Alors que plusieurs maires ont pris des arrêtés limitant les prélèvements, ou encore se voient obligés de ponctionner l’eau des lacs pour alimenter le réseau d’eau potable, les sources étant taries (c’est le cas par exemple à Gerardmer, dans les Vosges), quelque 70 départements sont concernés par des restrictions d’eau décidées par les préfets. 

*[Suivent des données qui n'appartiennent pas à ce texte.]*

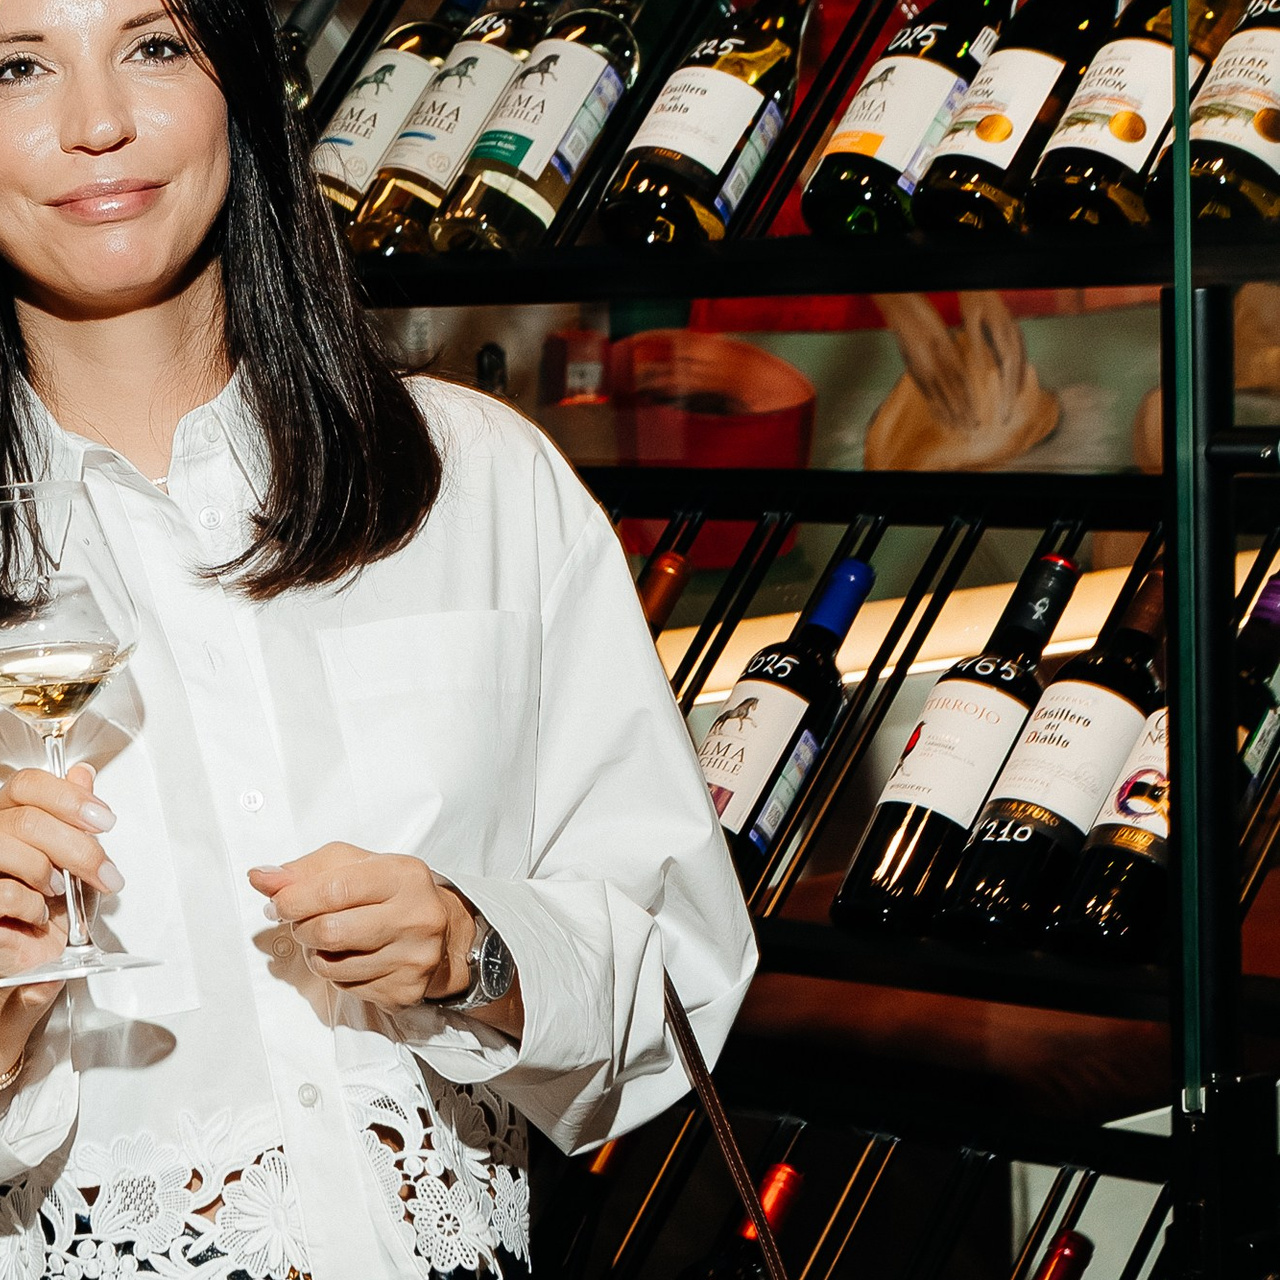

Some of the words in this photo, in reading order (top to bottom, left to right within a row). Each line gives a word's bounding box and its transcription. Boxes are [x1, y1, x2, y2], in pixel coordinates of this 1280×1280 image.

Le site Propluvia, proposé par le ministère de la Transition énergétique, centralise les arrêtés de restriction d’eau. On y constate qu’à peine une douzaine de départements sont exempts de tels arrêtés, ce qui est exceptionnel à cette période de l’année. Une autre douzaine de départements sont en « vigilance »  (premier niveau d’alerte, où il est demandé « aux particuliers et aux professionnels de faire des économies d’eau » . Les autres s’échelonnent entre l’alerte, l’alerte renforcée et la « crise ». 

Ces différents niveaux correspondent à des restrictions plus ou moins dures : en « alerte » , les prélèvements agricoles doivent diminuer de 50 %, et il est interdit à certaines heures d’arroser jardins et espaces verts ; en alerte « renforcée », qui touche par exemple aujourd’hui toute la Bretagne, les prélèvements agricoles baissent de 50 %, et les arrosages peuvent être totalement interdits. En « crise »  enfin, tous les prélèvements « non prioritaires » , c’est-à-dire n’étant pas liés à la santé, la sécurité civile, la salubrité ou l’eau potable) sont interdits. C’est actuellement le cas sur la totalité du départements de la Haute-Vienne, de la Lozère, du Gers et sur une bonne partie de la Vendée. 

Même si des perturbations pluvieuses sont prévues dans la première semaine de novembre, les experts estiment qu’il va falloir plusieurs semaines de pluie pour espérer rétablir quelque peu cette situation exceptionnellement sévère.